• _Exercise prompt_
Make an exact copy of the records, with the images left out.

** Opening Input material block **

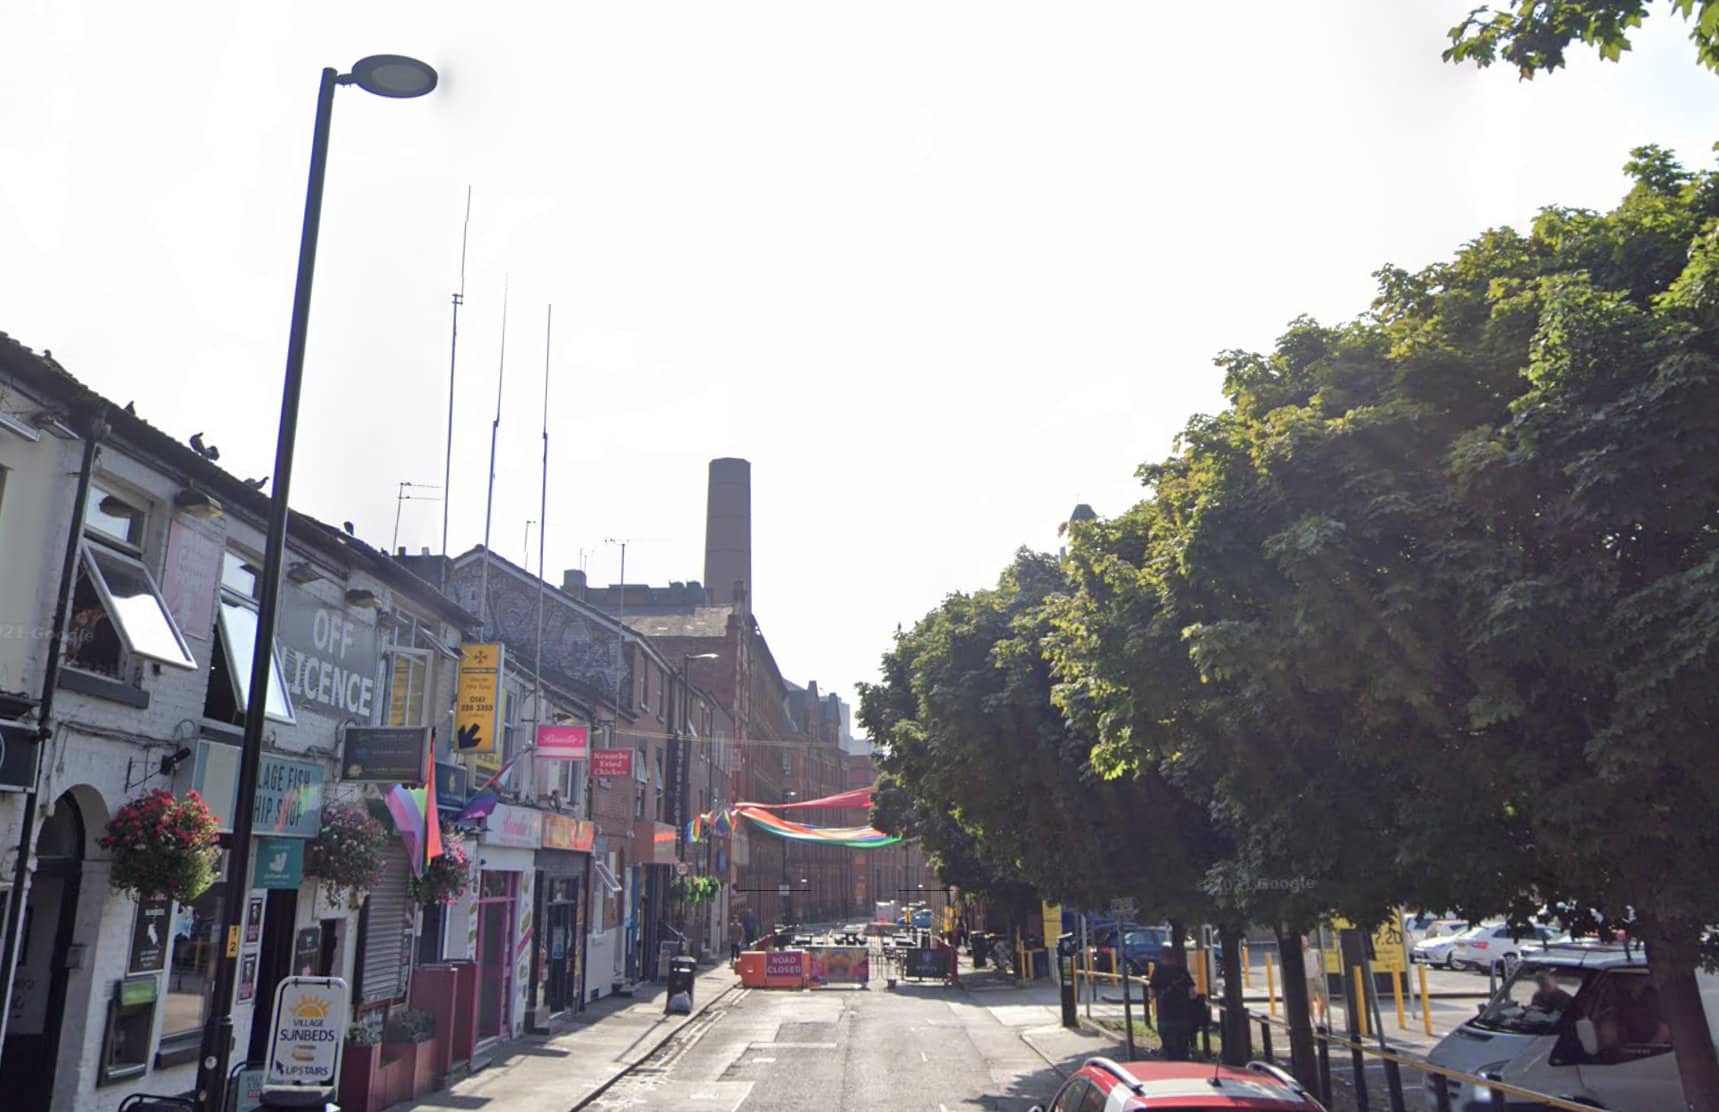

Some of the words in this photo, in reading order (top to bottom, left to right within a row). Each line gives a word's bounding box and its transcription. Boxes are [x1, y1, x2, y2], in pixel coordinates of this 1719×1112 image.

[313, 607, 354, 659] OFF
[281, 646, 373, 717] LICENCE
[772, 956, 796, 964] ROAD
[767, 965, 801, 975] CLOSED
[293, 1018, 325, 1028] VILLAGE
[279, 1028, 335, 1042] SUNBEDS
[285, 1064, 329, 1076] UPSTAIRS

** Closing Input material block **

• _Response for this exercise_
Some of the words in this photo, in reading order (top to bottom, left to right within a row). Each line gives a word's bounding box and its transcription. Boxes are [x1, y1, x2, y2], in pixel coordinates of this 1719×1112 image.

[313, 607, 354, 659] OFF
[281, 646, 373, 717] LICENCE
[772, 956, 796, 964] ROAD
[767, 965, 801, 975] CLOSED
[293, 1018, 325, 1028] VILLAGE
[279, 1028, 335, 1042] SUNBEDS
[285, 1064, 329, 1076] UPSTAIRS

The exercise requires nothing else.